See Runtime Infrastructure for recommended hosting, operating system, container, and GitOps patterns.
Phase Guidance
Phase 1 should establish the platform core:
- PostgreSQL
- Airflow
- dbt
- Superset
- Grafana
- VitePress
- GitHub Actions
Phase 2 should improve trust, operations, and governance:
- Great Expectations or Soda Core
- OpenMetadata
- SOPS plus age
- Prometheus
- Loki
- Alertmanager
Phase 3 should scale integration and user-facing value:
- Airbyte or Meltano for connector scale
- Debezium for change data capture
- Evidence.dev for curated report pages
- FastAPI and Vue applications for operational workflows
Phase 4 should add specialized scale and mature operations:
- Object storage plus Parquet for large raw history
- ClickHouse for high-volume analytical workloads
- TimescaleDB for serious time-series needs
- Temporal for durable workflow applications
- OpenSearch for cross-entity search
- Vault or OpenBao for mature secrets management
Selection Principles
Start with the fewest tools that can operate the full data lifecycle safely.

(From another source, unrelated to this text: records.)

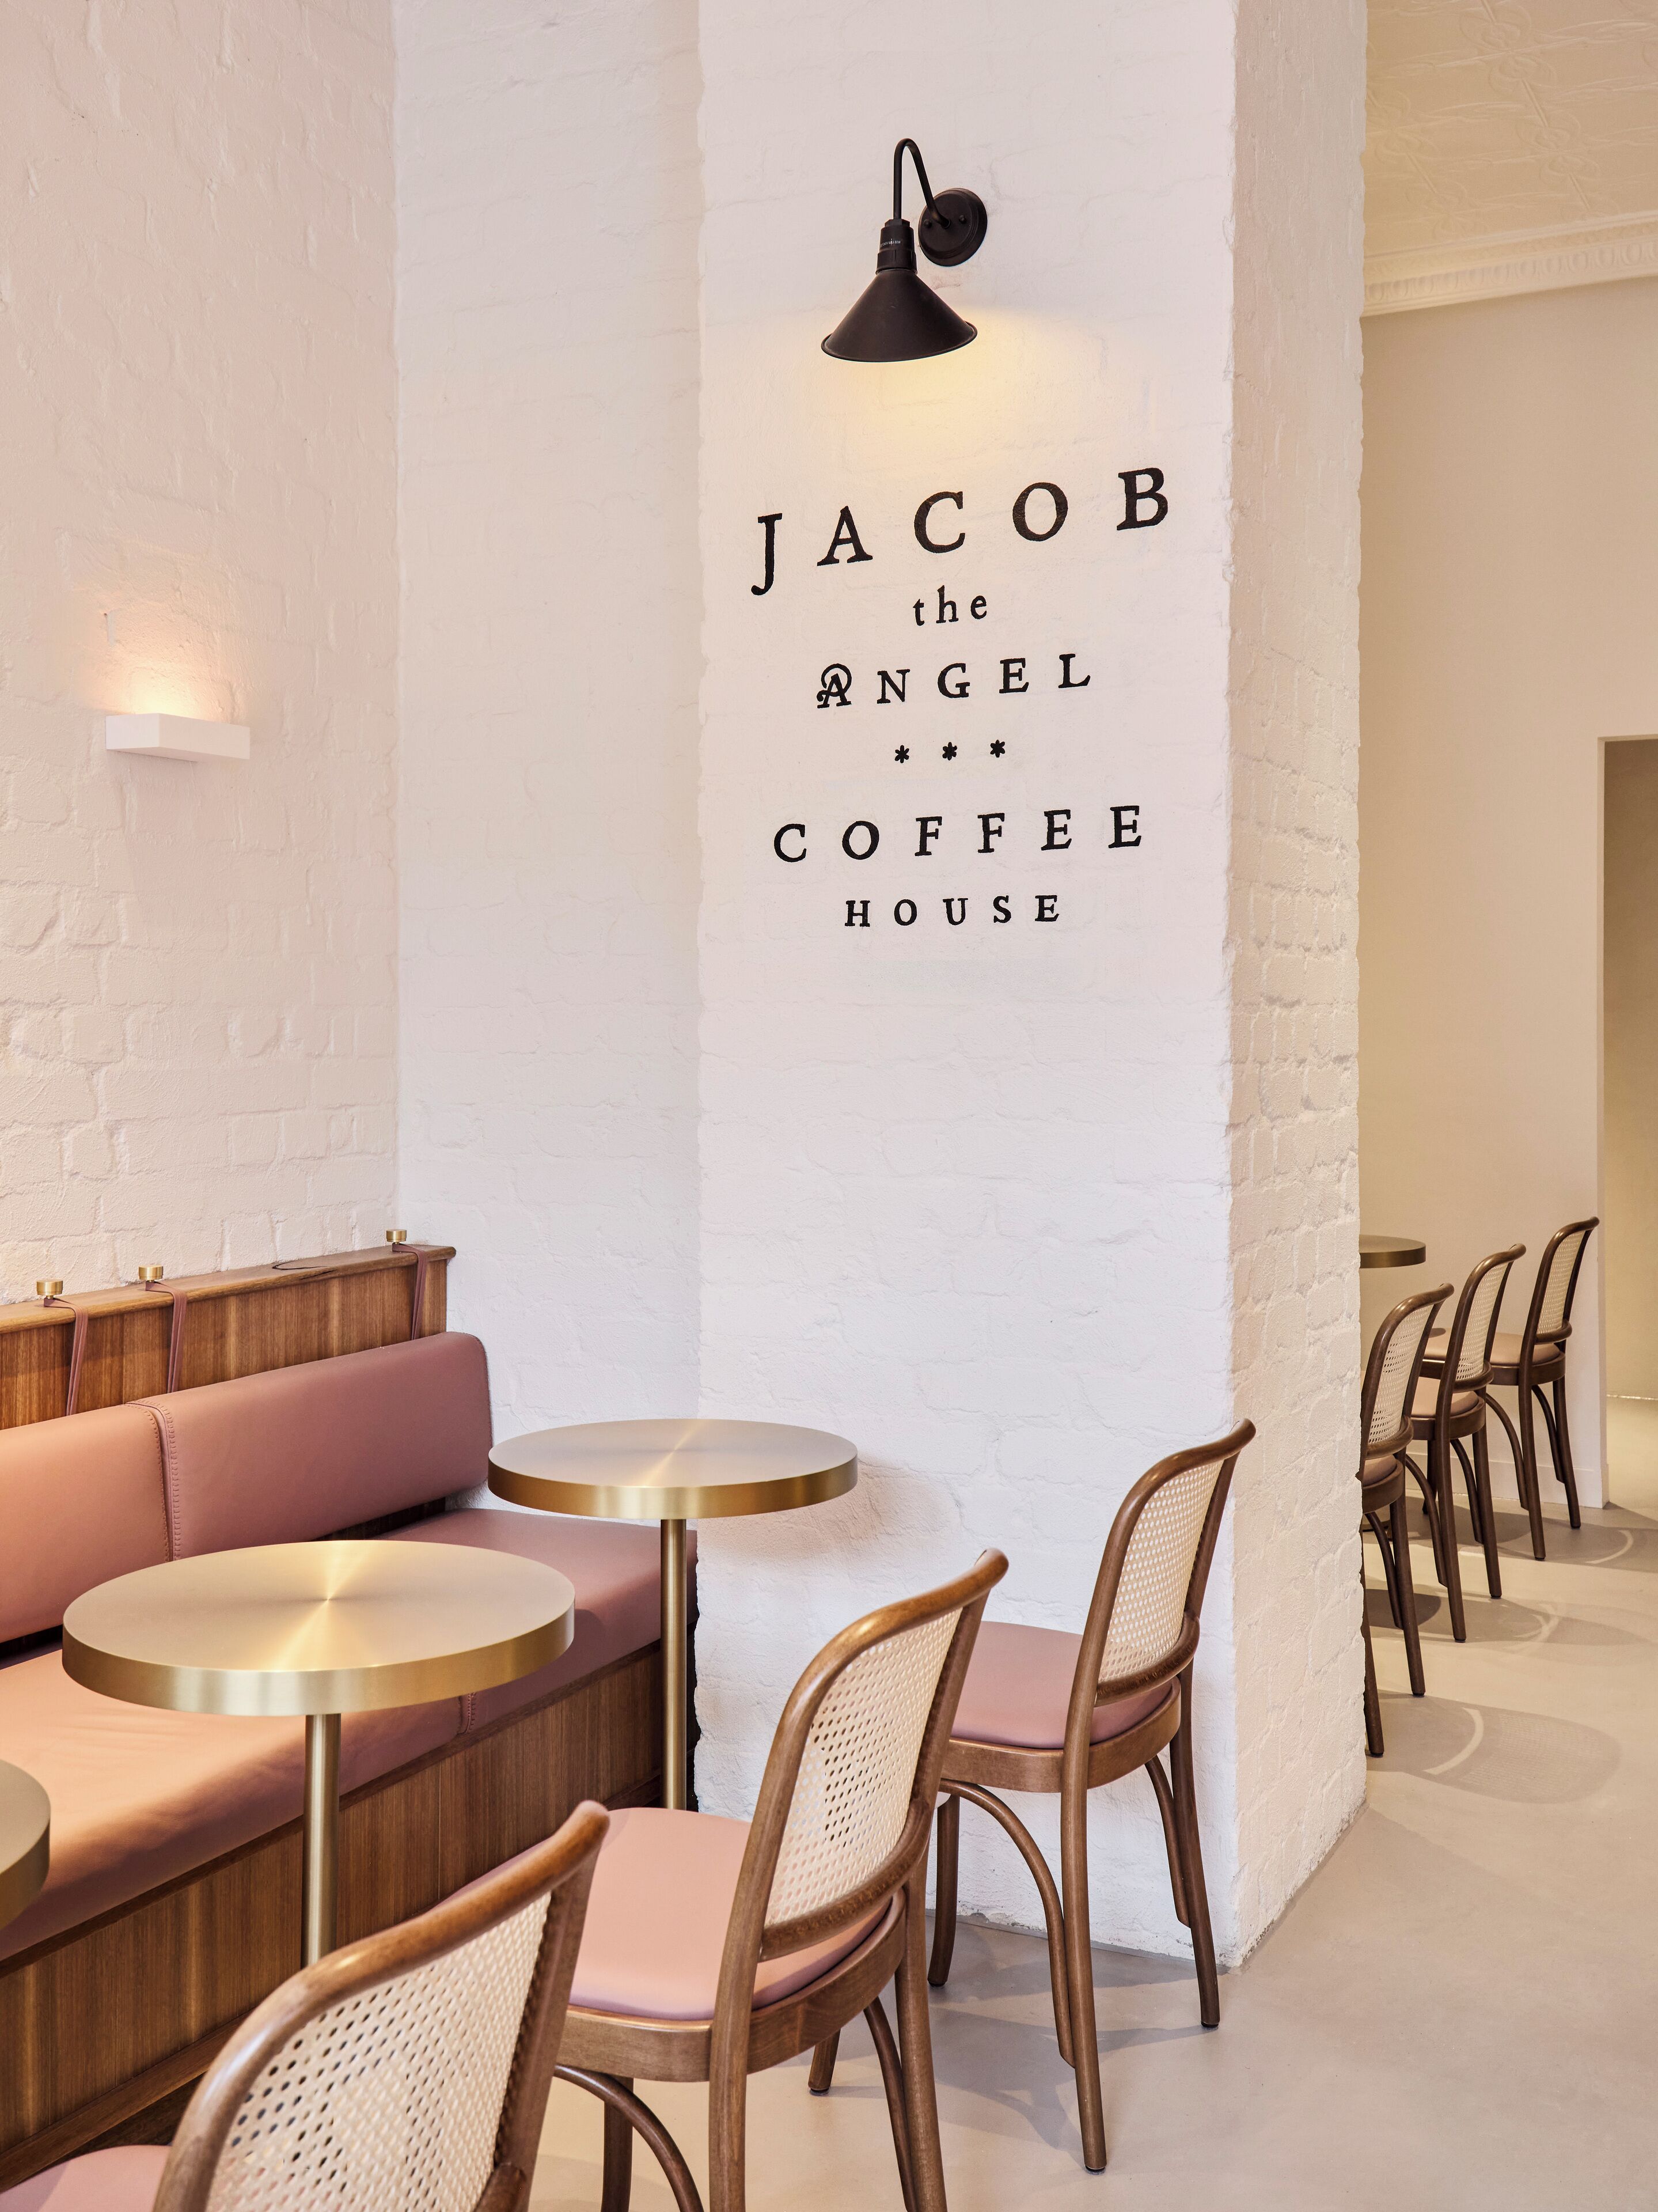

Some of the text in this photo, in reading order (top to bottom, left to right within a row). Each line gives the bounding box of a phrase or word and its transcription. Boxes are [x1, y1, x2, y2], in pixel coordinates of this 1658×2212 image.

[750, 467, 1168, 596] JACOB
[912, 585, 987, 626] the
[816, 653, 1091, 709] ANGEL
[773, 805, 1142, 863] COFFEE
[844, 895, 1060, 927] HOUSE

Prefer tools that integrate cleanly with Git, containers, PostgreSQL, SQL, Python, and the platform documentation workflow.

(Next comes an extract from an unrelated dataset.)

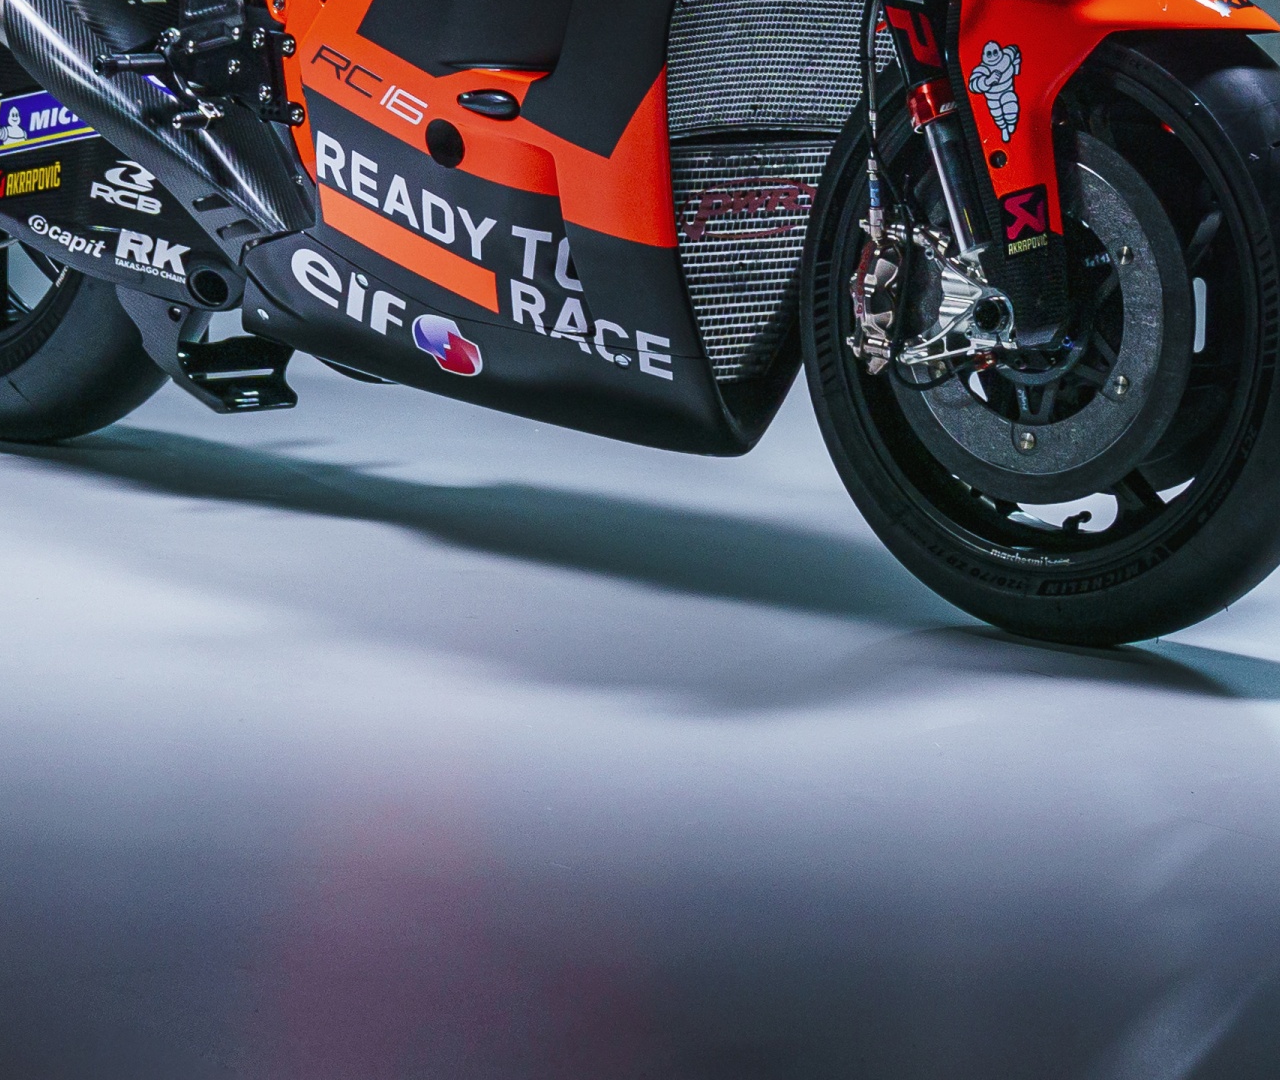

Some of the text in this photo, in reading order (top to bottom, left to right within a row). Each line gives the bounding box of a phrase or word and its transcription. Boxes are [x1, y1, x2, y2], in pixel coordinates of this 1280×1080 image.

Avoid duplicating responsibilities. For example, dashboards should not own transformation logic, custom applications should not maintain private reporting models, and notebooks should not become production pipelines.
Introduce specialized systems when there is a specific pain they solve: scale, durability, governance, lineage, search, real-time events, or consumer usability.